XXIII
На небе еще мерцали утренние звезды, когда из ворот Печерского подворья выехали дровни, на которых сидела под конвоем двух стрельцов Морозова. По приказу патриарха ее везли снова в Чудов монастырь.
Во вселенской палате, куда внесли Морозову, кроме митрополита Крутицкого Павла, архимандрита Чудовского Иоакима и думного дворянина Иллариона Уварова, находился сам патриарх Питирим и несколько бояр.
Питирим обратился к сидящей перед ним женщине:
— Как же ты, боярыня, прельстилась Аввакумкиной лестью?

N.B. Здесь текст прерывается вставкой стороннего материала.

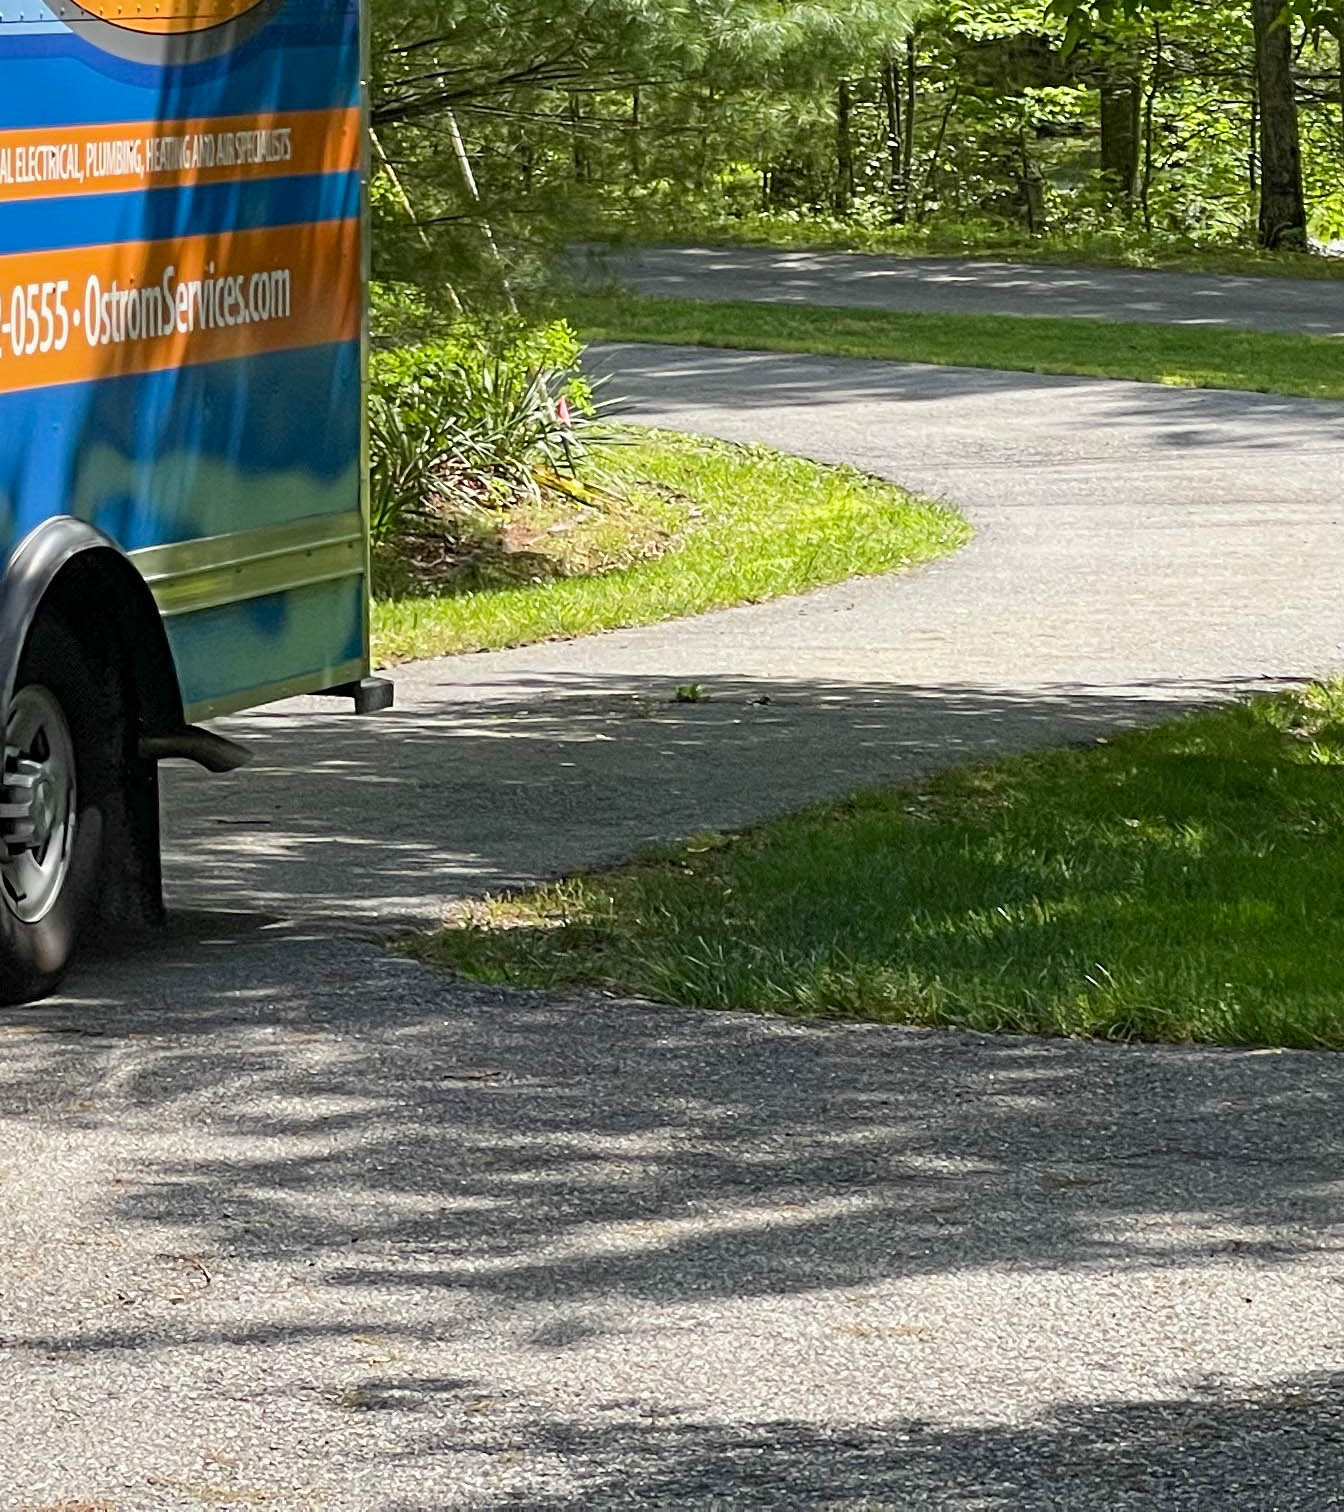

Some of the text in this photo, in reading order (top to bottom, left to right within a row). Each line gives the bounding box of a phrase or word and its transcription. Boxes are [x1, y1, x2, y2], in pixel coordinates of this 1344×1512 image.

Брось свои мечтания, воссоединись с истинной церковью.
— Была она раньше истинной, но ныне развращена Никоном.
Патриарх вздрогнул:
— Какую мерзость ты глаголешь, исповедуйся…
— Кому же мне исповедаться? — спокойно спросила Морозова.
— Да разве мало пастырей на Москве?
— Много их, но истинных нет.
— От гордости помутился ее разум — прошептал Питирим, — подайте сюда освященное масло да сучец, помажу ее, может, смирится.
Морозова старалась выбиться из рук державших ее стрельцов.
Патриарх хотел уже помазать сучцом ее лоб, как Морозова отчаянно воскликнула:
— Не мажь меня отступным маслом, не губи!
— Как ты смеешь называть так святой елей! — проговорил патриарх с негодованием.
— Слава тебе, Боже, что спаслась отступного помазания, — прошептала Морозова, — твоими молитвами, старец Аввакум!
Услыша имя Аввакума, Иоаким улыбнулся:
— Не будет этот льстец больше смущать вас, крепко держат его в Пустозерске.
Боярыня вздрогнула, узнав об участи Аввакума.
В палату ввели для допроса Урусову и Марью Данилову, жену стрелецкого полковника.
Она успела бежать в Подонскую страну, на Дон, но была там поймана, привезена в Москву и посажена с Урусовой.
Морозову понесли обратно на Печерское подворье, а Урусову патриарх велел держать за руки и, обмакнув в елей сучец, хотел намазать ей лоб.
Точно ужаленная, отпрыгнула княгиня в сторону.
Стрельцы снова схватили ее за руки и хотели подвести ее к Питириму, но ей опять удалось вырваться.
— Уведите их вон, — еле слышно проговорил Питирим.
Узниц тотчас же повели из палаты.
— Попробуем последнее средство, — предложил митрополит Павел, — пошлем к Морозовой для увещания митрополита Иллариона Рязанского.
Так и решили поступить.
Вернувшись в свое помещение во дворце, Иван Глебович не знал, куда ему деться от радости.
Он понимал, что брак дает ему возможность возвысить имя Морозовых, и теперь он мечтал, что царь будет посаженным отцом на свадьбе.
В небольшом помещении Морозову было жарко. У юноши заболела голова.
Иван Глебыч несколько раз прошелся по горнице. Он чувствовал, что шатается.
Он пробовал молиться, но мысли путались.
Юноша порывисто стал раздеваться, не зовя никого на помощь.
В голове его словно замелькала пестрая нить. Он вспомнил, как ласкал его старик-отец, на глазах показались слезы, и, тихо всхлипывая, он стал засыпать каким-то странным тяжелым сном. Все в голове кружилось: он чувствовал, что падает в какую-то пропасть… И юноша потерял сознание.
На другой день утром князь Урусов послал справиться о помолвленном женихе.
— Спит еще, княже, — отвечал посланный, — дверь в горницу к нему заперта!
— Пусть его понежится, кудрявых сновидений навидится, — шутливо заметил князь Петр.
Через два часа Урусов прямо от царя снова отправился к племяннику.
Дверь по-прежнему была заперта: изнутри никто не откликался на вопросы.
— Эх, парень-то заспался, — недовольно прошептал Урусов и стал громче стучаться в двери.
По-прежнему ответа не было.
— Неладно там что-то, — тревожно проговорил князь и, позвав двух стрельцов, велел высадить дверь.
Из разбитой двери хлынул удушливый запах угара. Урусов бросился к неподвижно лежавшему юноше.
— Угорел! — с ужасом понял князь и, схватив племянника на руки, вынес из горницы.
Немедленно был позван государев лекарь Каролусь, но было уже поздно — молодой Морозов без страданий отошел в вечность.